Climate data for Ayutla de los Libres (1951–2010)
| Month | Jan | Feb | Mar | Apr | May | Jun | Jul | Aug | Sep | Oct | Nov | Dec | Year |
| Record high °C (°F) | 41.0 (105.8) | 40.0 (104.0) | 40.0 (104.0) | 41.0 (105.8) | 40.0 (104.0) | 40.0 (104.0) | 38.0 (100.4) | 38.5 (101.3) | 39.0 (102.2) | 38.0 (100.4) | 39.0 (102.2) | 39.0 (102.2) | 41.0 (105.8) |
| Mean daily maximum °C (°F) | 31.7 (89.1) | 32.3 (90.1) | 33.0 (91.4) | 33.8 (92.8) | 33.9 (93.0) | 31.9 (89.4) | 31.0 (87.8) | 31.0 (87.8) | 30.0 (86.0) | 30.5 (86.9) | 31.2 (88.2) | 31.3 (88.3) | 31.8 (89.2) |
| Daily mean °C (°F) | 24.8 (76.6) | 25.1 (77.2) | 25.7 (78.3) | 26.7 (80.1) | 27.3 (81.1) | 26.5 (79.7) | 26.0 (78.8) | 25.9 (78.6) | 25.4 (77.7) | 25.5 (77.9) | 25.2 (77.4) | 24.9 (76.8) | 25.8 (78.4) |
| Mean daily minimum °C (°F) | 18.0 (64.4) | 17.9 (64.2) | 18.4 (65.1) | 19.6 (67.3) | 20.7 (69.3) | 21.0 (69.8) | 20.9 (69.6) | 20.9 (69.6) | 20.8 (69.4) | 20.6 (69.1) | 19.3 (66.7) | 18.5 (65.3) | 19.7 (67.5) |
| Record low °C (°F) | 9.0 (48.2) | 9.0 (48.2) | 9.0 (48.2) | 10.0 (50.0) | 10.0 (50.0) | 10.0 (50.0) | 11.0 (51.8) | 11.5 (52.7) | 11.0 (51.8) | 10.0 (50.0) | 9.5 (49.1) | 11.0 (51.8) | 9.0 (48.2) |
| Average precipitation mm (inches) | 12.8 (0.50) | 6.4 (0.25) | 4.6 (0.18) | 3.4 (0.13) | 40.7 (1.60) | 318.7 (12.55) | 332.3 (13.08) | 350.7 (13.81) | 451.6 (17.78) | 186.9 (7.36) | 37.9 (1.49) | 8.1 (0.32) | 1,754.1 (69.06) |
| Average precipitation days (≥ 0.1 mm) | 1.0 | 0.4 | 0.3 | 0.4 | 3.5 | 15.4 | 18.7 | 19.6 | 20.9 | 11.9 | 2.5 | 0.8 | 95.4 |
Source: Servicio Meteorologico Nacional

==Population==
As of 2005, the population of 1,011 consisted of 513 males and 498 females.
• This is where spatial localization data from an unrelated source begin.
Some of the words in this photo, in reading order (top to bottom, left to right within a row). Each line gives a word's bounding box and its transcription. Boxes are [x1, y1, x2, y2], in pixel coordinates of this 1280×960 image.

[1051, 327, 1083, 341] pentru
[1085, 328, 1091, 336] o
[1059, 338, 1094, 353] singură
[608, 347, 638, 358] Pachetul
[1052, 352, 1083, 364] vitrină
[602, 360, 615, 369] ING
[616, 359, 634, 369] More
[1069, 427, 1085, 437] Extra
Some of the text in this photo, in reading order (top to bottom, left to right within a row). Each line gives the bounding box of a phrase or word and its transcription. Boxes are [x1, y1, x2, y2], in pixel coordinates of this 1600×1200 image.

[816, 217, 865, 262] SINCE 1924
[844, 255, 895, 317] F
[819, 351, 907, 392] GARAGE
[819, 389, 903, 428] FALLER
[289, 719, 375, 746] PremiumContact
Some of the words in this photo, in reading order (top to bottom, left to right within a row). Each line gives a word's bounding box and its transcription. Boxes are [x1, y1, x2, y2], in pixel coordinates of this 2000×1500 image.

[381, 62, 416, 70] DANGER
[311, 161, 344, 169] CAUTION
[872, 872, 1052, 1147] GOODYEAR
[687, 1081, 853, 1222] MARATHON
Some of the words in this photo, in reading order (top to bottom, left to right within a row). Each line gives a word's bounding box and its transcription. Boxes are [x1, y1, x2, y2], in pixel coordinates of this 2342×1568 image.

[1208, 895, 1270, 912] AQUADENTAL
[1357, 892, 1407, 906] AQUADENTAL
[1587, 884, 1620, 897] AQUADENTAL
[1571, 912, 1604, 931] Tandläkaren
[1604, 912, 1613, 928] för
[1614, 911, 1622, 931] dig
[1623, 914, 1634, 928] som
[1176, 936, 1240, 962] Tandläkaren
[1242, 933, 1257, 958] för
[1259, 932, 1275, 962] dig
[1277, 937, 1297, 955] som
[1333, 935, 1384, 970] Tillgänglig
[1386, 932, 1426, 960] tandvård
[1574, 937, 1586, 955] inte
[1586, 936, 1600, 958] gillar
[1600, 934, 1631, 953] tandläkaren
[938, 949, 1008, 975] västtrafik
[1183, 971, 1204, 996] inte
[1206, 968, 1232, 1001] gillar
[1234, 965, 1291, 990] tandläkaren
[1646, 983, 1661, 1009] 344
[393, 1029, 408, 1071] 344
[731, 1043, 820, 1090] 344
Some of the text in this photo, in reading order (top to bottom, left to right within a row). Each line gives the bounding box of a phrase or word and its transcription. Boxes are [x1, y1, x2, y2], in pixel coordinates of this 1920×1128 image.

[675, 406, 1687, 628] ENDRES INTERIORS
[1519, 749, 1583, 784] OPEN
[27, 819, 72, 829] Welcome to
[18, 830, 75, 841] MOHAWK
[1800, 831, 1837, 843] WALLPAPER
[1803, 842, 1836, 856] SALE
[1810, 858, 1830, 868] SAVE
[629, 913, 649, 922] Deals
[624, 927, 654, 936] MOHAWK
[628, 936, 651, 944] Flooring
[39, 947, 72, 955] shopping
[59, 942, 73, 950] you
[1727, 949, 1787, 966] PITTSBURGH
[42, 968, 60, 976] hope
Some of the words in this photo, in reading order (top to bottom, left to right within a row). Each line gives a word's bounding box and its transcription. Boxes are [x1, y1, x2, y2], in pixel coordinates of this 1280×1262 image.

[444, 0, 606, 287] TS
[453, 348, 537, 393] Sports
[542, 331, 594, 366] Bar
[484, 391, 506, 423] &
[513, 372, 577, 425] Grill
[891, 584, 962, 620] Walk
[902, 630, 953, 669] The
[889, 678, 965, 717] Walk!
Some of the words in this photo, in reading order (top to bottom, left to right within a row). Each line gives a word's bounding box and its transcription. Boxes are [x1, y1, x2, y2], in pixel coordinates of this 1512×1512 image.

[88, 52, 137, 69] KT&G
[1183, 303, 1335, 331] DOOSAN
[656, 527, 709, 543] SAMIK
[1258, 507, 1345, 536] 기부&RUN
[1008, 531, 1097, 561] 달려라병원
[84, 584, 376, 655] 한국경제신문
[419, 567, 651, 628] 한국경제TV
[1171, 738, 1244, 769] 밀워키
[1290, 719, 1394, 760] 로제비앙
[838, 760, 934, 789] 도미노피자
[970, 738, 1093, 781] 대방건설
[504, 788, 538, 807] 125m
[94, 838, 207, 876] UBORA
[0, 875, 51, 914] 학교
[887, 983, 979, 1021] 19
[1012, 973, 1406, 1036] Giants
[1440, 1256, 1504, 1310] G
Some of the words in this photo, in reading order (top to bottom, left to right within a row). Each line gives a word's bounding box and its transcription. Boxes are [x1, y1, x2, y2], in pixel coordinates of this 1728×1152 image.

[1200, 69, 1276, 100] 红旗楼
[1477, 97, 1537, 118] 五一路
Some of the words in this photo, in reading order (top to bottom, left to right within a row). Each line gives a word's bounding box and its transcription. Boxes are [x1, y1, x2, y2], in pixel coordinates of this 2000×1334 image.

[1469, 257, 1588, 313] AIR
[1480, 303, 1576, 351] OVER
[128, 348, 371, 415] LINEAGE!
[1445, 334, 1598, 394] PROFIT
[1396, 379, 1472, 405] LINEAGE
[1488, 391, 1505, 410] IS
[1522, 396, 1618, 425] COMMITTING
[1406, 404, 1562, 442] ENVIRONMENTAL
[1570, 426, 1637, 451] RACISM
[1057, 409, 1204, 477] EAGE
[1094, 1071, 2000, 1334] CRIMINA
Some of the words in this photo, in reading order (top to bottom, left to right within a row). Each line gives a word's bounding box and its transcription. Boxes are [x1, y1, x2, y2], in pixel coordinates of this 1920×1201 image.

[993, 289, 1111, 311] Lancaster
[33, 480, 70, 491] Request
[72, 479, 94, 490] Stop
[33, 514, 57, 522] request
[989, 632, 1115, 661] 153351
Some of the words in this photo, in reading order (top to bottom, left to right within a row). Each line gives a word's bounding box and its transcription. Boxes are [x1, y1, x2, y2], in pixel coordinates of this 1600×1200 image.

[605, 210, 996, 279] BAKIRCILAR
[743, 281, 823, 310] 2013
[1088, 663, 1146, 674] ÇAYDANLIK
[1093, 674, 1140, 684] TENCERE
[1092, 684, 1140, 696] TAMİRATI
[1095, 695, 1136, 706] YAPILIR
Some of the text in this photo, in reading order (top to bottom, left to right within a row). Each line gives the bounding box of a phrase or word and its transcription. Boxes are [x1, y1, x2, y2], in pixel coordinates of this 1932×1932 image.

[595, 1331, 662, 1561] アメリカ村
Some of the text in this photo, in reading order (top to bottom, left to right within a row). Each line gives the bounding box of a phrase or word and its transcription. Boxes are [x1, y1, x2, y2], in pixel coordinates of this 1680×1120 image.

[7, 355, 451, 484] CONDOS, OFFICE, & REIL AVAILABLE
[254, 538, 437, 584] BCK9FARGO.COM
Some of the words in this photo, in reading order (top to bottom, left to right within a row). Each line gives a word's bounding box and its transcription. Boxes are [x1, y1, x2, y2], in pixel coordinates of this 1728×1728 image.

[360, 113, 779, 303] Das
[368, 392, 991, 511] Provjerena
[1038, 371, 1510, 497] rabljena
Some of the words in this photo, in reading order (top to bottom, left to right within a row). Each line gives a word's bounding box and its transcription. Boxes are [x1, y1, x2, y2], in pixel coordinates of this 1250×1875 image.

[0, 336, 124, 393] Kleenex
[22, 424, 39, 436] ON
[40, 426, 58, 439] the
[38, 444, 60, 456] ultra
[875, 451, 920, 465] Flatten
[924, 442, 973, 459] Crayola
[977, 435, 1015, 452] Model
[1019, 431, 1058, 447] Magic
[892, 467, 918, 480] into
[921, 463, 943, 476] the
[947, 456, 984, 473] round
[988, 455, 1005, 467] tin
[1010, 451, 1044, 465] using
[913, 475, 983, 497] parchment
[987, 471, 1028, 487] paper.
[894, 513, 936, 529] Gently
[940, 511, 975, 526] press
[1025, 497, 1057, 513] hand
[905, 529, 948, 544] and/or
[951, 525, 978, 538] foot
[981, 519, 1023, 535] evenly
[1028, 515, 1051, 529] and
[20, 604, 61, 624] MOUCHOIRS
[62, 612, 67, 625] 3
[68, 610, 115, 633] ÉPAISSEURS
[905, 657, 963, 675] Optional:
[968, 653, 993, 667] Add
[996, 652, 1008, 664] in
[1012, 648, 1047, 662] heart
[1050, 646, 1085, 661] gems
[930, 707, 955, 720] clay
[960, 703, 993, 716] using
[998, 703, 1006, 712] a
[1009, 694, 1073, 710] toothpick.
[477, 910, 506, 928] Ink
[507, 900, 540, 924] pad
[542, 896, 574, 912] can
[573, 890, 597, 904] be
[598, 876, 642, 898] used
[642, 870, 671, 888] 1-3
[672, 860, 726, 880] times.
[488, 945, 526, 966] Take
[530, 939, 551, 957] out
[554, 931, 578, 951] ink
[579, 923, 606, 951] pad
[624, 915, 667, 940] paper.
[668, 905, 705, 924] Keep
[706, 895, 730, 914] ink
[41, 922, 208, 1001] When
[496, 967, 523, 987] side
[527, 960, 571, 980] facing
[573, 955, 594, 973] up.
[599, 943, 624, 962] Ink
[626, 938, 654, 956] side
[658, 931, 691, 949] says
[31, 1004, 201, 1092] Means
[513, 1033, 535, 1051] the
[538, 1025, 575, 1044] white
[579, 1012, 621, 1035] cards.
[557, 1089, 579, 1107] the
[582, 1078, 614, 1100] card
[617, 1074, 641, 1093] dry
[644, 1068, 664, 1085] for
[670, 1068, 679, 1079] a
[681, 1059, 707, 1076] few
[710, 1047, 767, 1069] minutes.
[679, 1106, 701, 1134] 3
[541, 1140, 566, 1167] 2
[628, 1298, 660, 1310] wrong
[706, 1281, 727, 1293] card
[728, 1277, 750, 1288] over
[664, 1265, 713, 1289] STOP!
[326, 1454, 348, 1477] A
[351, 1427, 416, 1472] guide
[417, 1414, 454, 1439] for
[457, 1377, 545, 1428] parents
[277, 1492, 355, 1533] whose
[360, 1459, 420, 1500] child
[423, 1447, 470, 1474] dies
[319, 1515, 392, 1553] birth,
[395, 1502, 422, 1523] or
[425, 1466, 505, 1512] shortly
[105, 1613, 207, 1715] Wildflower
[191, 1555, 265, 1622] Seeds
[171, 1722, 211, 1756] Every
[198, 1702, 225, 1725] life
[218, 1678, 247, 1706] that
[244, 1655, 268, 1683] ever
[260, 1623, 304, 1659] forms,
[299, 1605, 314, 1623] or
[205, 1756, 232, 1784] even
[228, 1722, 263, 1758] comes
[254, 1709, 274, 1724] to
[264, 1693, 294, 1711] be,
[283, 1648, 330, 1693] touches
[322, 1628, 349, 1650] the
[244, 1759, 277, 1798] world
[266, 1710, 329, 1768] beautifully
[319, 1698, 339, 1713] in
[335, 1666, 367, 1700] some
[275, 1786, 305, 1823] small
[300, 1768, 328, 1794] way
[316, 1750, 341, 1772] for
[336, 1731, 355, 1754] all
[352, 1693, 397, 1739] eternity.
There were 356 adults, of which 41 were older than 60 years of age. The remaining 655 inhabitants were children.

The indigenous population was 57, of which 21 people spoke indigenous languages, and one of those did not speak Spanish. The Ethnologue reports that the village's indigenous language is Acatepec Me’phaa.

==Housing==
There are 137 homes, of which 9 are single-family homes, 10 have indoor plumbing, none are connected to public utilities, and 125 have electric lighting. Of the 137 homes, none have a computer, none a washing machine, but 58 have a television.

==Education==
Of the children between 6 and 14 years of age, 19 do not attend school. Of those 15 and older, 84 never attended school, 250 had not completed schooling, 84 finished basic school, and 7 had advanced education (such as high school). There are 117 illiterate people 15 and over in Acalmani. For those between 15 and 24 years of age, the median level of school attendance is 5 years.